§ **Exercise requirements**:
Leave the images out and repeat the data exactly as given.

------ Exercise input ------

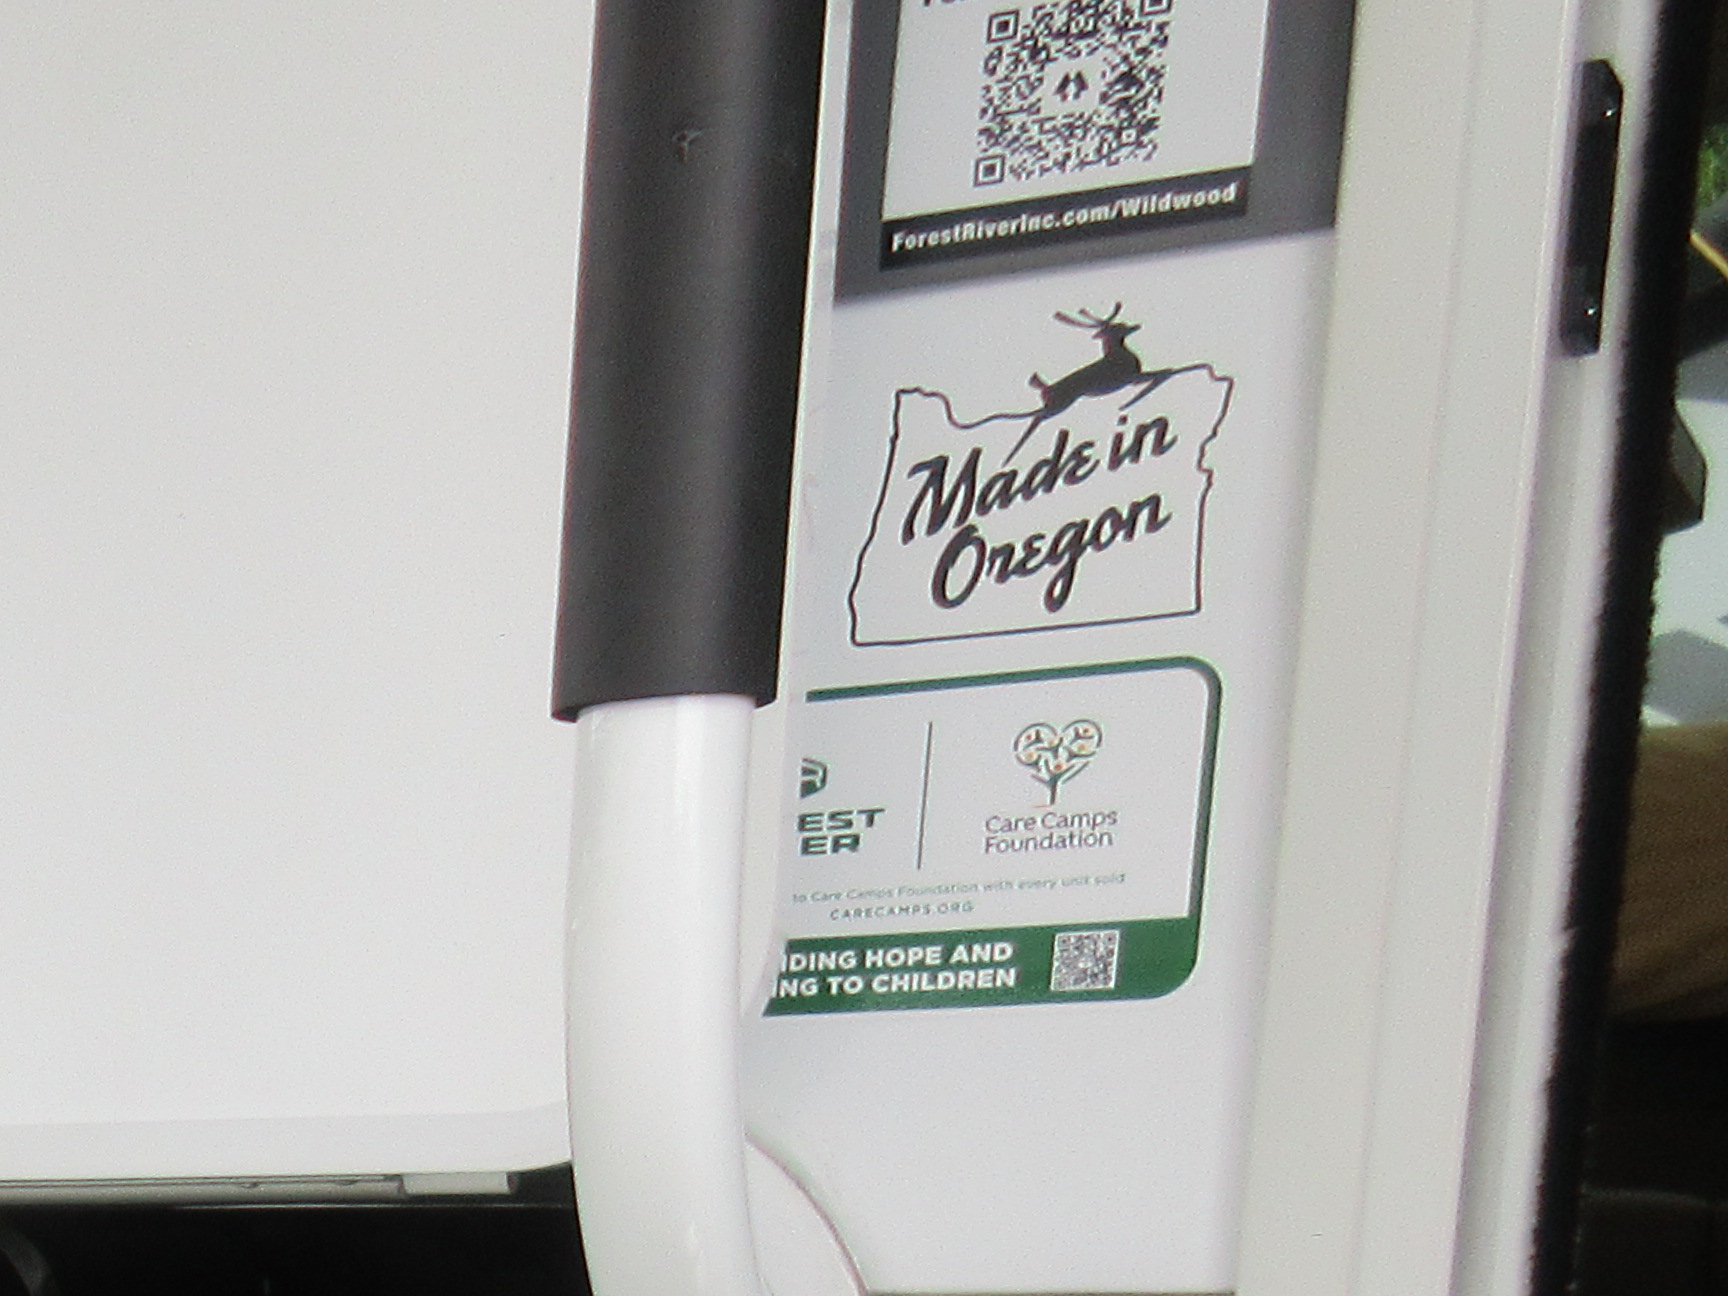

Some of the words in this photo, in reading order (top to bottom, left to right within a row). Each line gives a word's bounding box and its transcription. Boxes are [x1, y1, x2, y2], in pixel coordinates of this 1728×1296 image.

[892, 182, 1240, 252] ForestRiverInc.com/Wildwood
[900, 428, 1100, 546] Made
[1106, 414, 1179, 472] in
[930, 491, 1173, 612] Oregon
[984, 814, 1037, 834] Care
[1040, 810, 1119, 833] Camps
[984, 829, 1114, 854] Foundation
[897, 881, 979, 899] Foundation
[829, 902, 975, 921] CARECAMPS.ORG
[865, 946, 943, 968] HOPE
[949, 941, 1014, 965] AND
[826, 975, 865, 996] TO
[871, 967, 1017, 993] CHILDREN
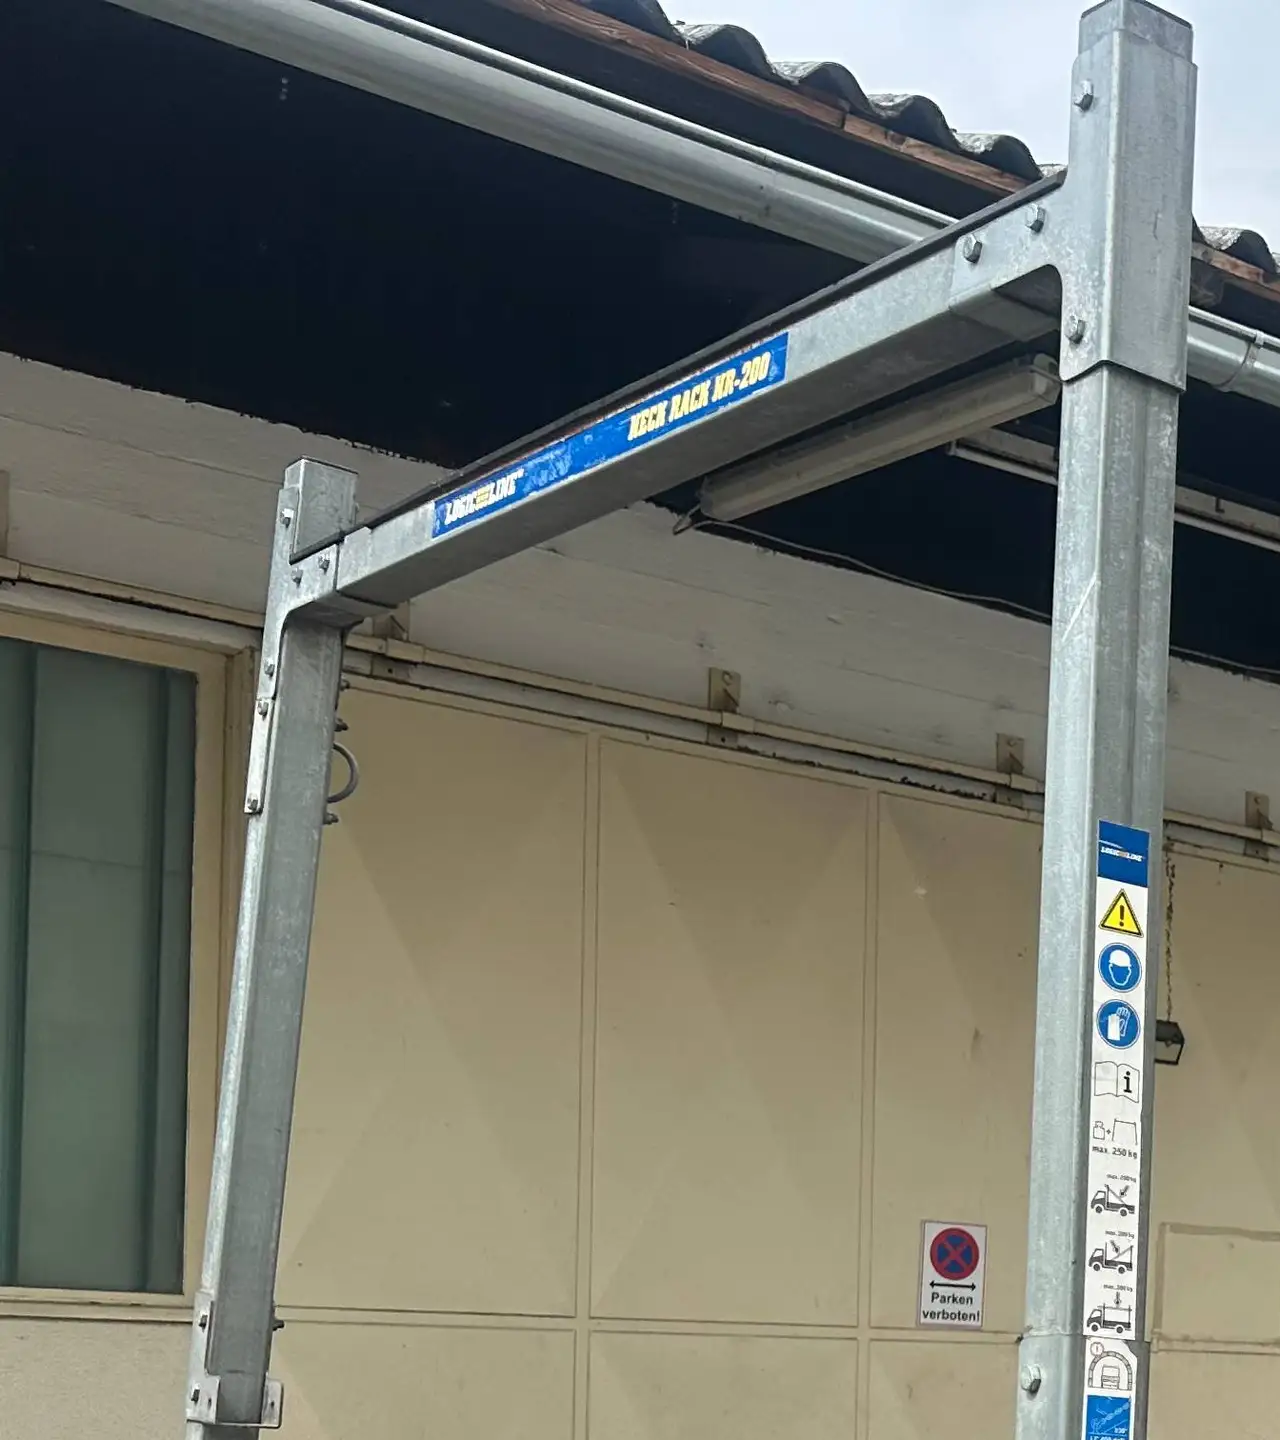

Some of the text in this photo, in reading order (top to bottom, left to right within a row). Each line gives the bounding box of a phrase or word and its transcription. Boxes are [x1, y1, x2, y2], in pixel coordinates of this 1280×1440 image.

[627, 400, 668, 441] NECK
[668, 379, 711, 422] RACK
[1112, 1146, 1127, 1157] 250
[1128, 1149, 1138, 1160] kg
[931, 1292, 973, 1305] Parken
[922, 1309, 980, 1322] verboten!
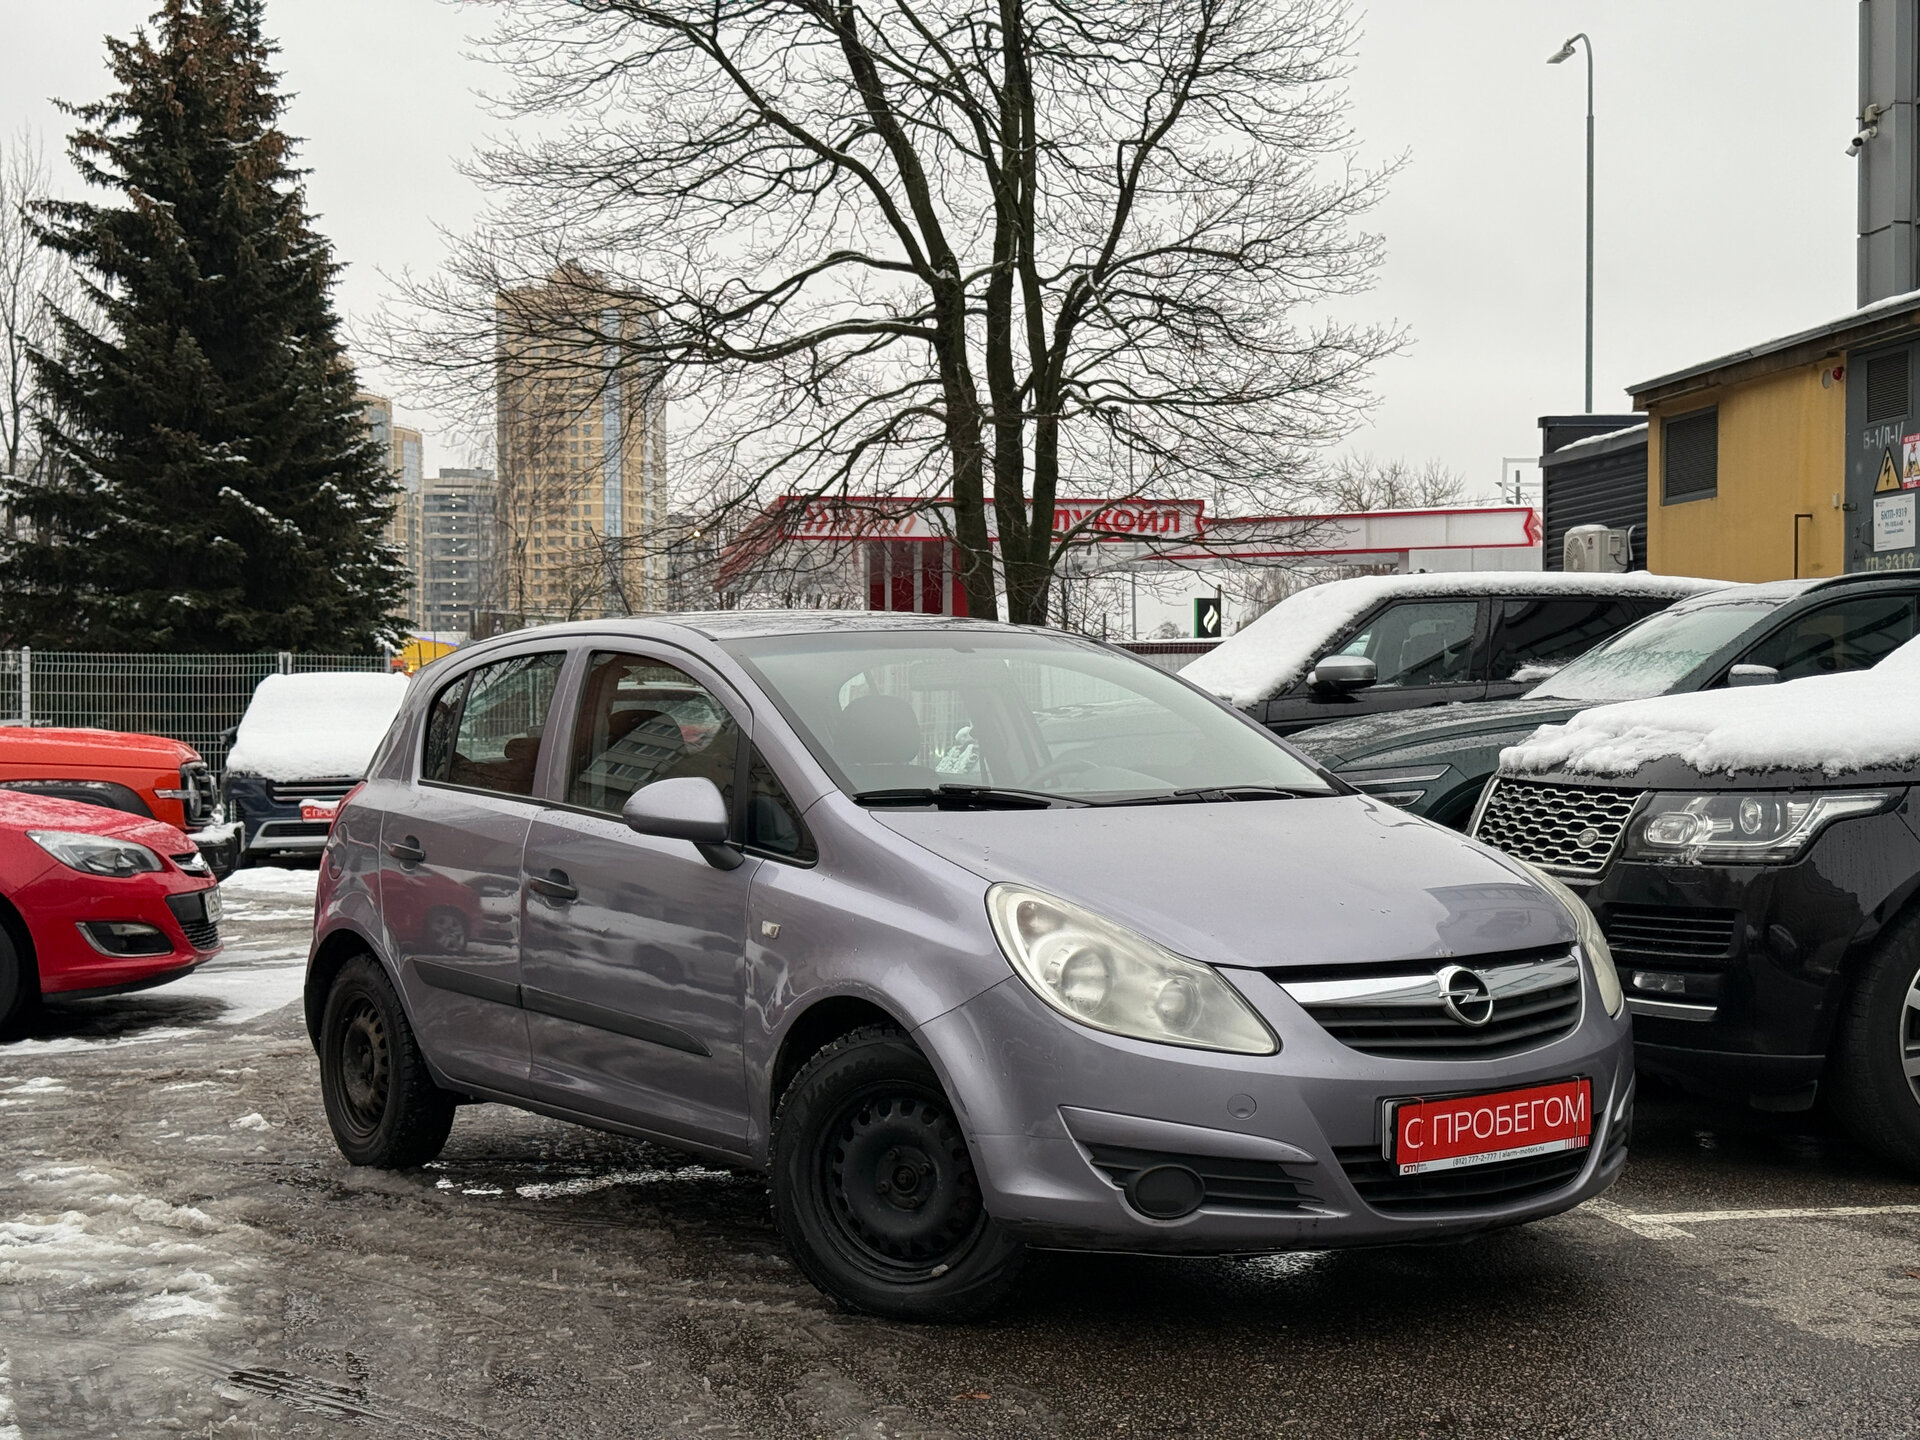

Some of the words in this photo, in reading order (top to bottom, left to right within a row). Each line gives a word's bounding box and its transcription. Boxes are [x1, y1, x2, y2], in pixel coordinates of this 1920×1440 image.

[1404, 1117, 1425, 1149] С
[1433, 1092, 1585, 1146] ПРОБЕГОМ
[1452, 1157, 1467, 1167] (812)
[1468, 1152, 1498, 1164] 777-2-777
[1502, 1145, 1545, 1158] alarm-motors.ru

------

§ **Answer to this exercise**:
Some of the words in this photo, in reading order (top to bottom, left to right within a row). Each line gives a word's bounding box and its transcription. Boxes are [x1, y1, x2, y2], in pixel coordinates of this 1728×1296 image.

[892, 182, 1240, 252] ForestRiverInc.com/Wildwood
[900, 428, 1100, 546] Made
[1106, 414, 1179, 472] in
[930, 491, 1173, 612] Oregon
[984, 814, 1037, 834] Care
[1040, 810, 1119, 833] Camps
[984, 829, 1114, 854] Foundation
[897, 881, 979, 899] Foundation
[829, 902, 975, 921] CARECAMPS.ORG
[865, 946, 943, 968] HOPE
[949, 941, 1014, 965] AND
[826, 975, 865, 996] TO
[871, 967, 1017, 993] CHILDREN

Some of the text in this photo, in reading order (top to bottom, left to right within a row). Each line gives the bounding box of a phrase or word and its transcription. Boxes are [x1, y1, x2, y2], in pixel coordinates of this 1280×1440 image.

[627, 400, 668, 441] NECK
[668, 379, 711, 422] RACK
[1112, 1146, 1127, 1157] 250
[1128, 1149, 1138, 1160] kg
[931, 1292, 973, 1305] Parken
[922, 1309, 980, 1322] verboten!

Some of the words in this photo, in reading order (top to bottom, left to right within a row). Each line gives a word's bounding box and its transcription. Boxes are [x1, y1, x2, y2], in pixel coordinates of this 1920×1440 image.

[1404, 1117, 1425, 1149] С
[1433, 1092, 1585, 1146] ПРОБЕГОМ
[1452, 1157, 1467, 1167] (812)
[1468, 1152, 1498, 1164] 777-2-777
[1502, 1145, 1545, 1158] alarm-motors.ru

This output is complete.